-- Materials provided follows --

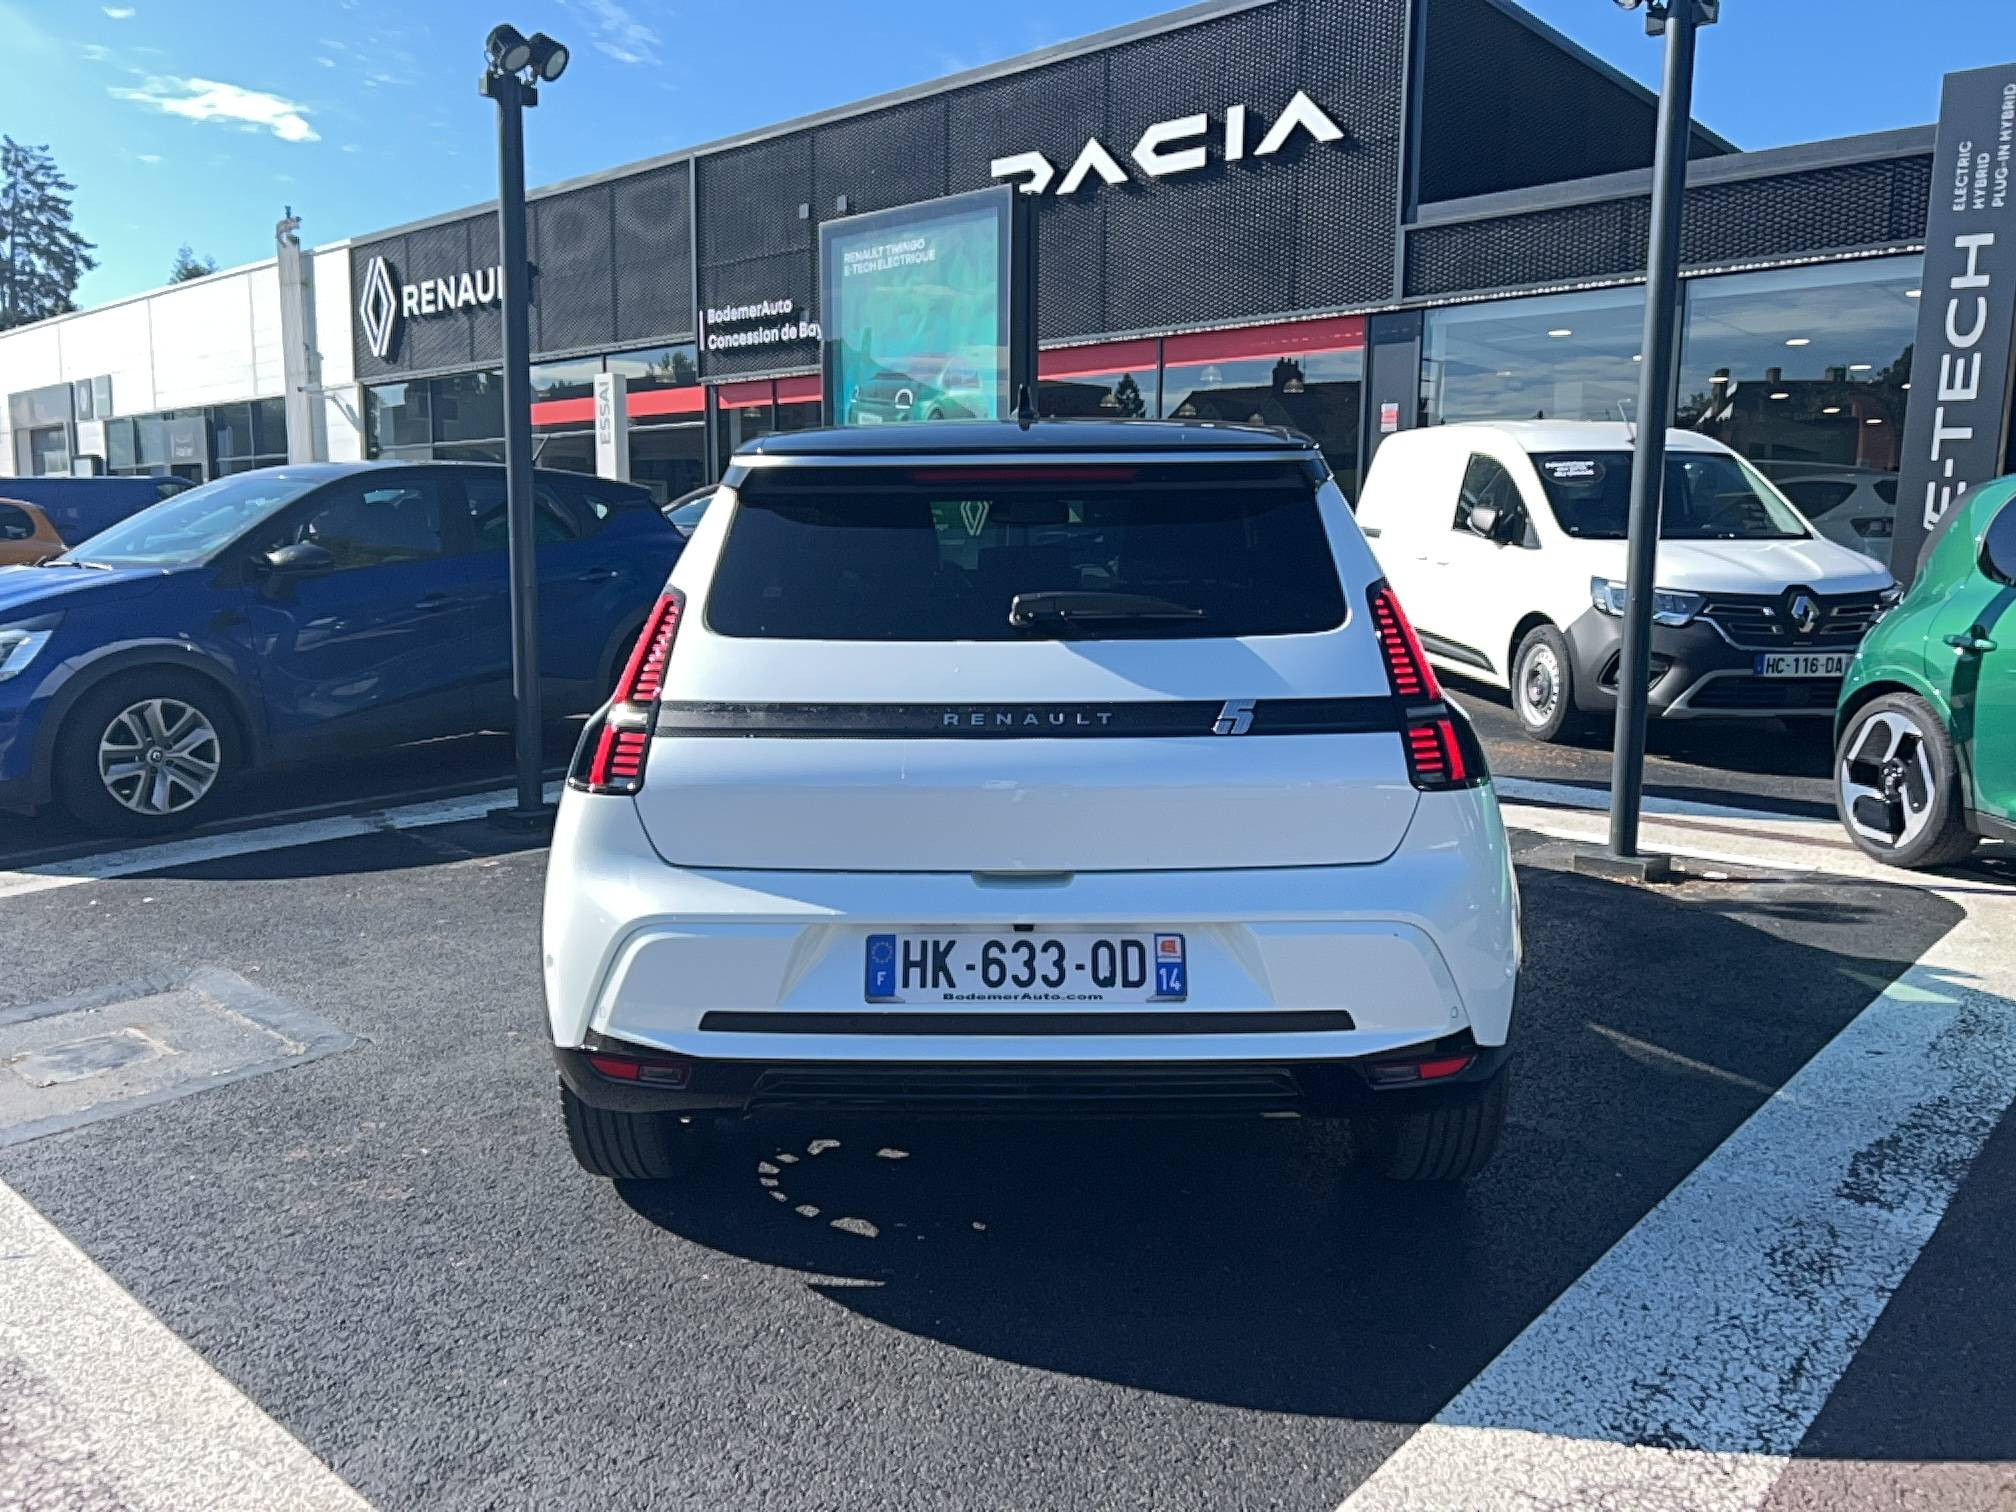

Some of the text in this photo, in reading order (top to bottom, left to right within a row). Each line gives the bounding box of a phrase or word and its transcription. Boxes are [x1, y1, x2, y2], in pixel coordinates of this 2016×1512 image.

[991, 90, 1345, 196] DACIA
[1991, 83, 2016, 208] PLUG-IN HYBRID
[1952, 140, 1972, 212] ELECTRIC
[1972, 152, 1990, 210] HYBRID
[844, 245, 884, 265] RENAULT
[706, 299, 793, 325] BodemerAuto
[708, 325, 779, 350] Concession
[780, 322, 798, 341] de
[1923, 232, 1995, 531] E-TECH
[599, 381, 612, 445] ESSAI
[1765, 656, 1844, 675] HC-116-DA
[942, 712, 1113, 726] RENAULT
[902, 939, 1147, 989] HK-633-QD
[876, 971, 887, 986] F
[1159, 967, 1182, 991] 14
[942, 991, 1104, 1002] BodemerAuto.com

-- Materials provided concluded --

## Directions for this task
Give the listing above again word for word, without its pictures.

## Result below
Some of the text in this photo, in reading order (top to bottom, left to right within a row). Each line gives the bounding box of a phrase or word and its transcription. Boxes are [x1, y1, x2, y2], in pixel coordinates of this 2016×1512 image.

[991, 90, 1345, 196] DACIA
[1991, 83, 2016, 208] PLUG-IN HYBRID
[1952, 140, 1972, 212] ELECTRIC
[1972, 152, 1990, 210] HYBRID
[844, 245, 884, 265] RENAULT
[706, 299, 793, 325] BodemerAuto
[708, 325, 779, 350] Concession
[780, 322, 798, 341] de
[1923, 232, 1995, 531] E-TECH
[599, 381, 612, 445] ESSAI
[1765, 656, 1844, 675] HC-116-DA
[942, 712, 1113, 726] RENAULT
[902, 939, 1147, 989] HK-633-QD
[876, 971, 887, 986] F
[1159, 967, 1182, 991] 14
[942, 991, 1104, 1002] BodemerAuto.com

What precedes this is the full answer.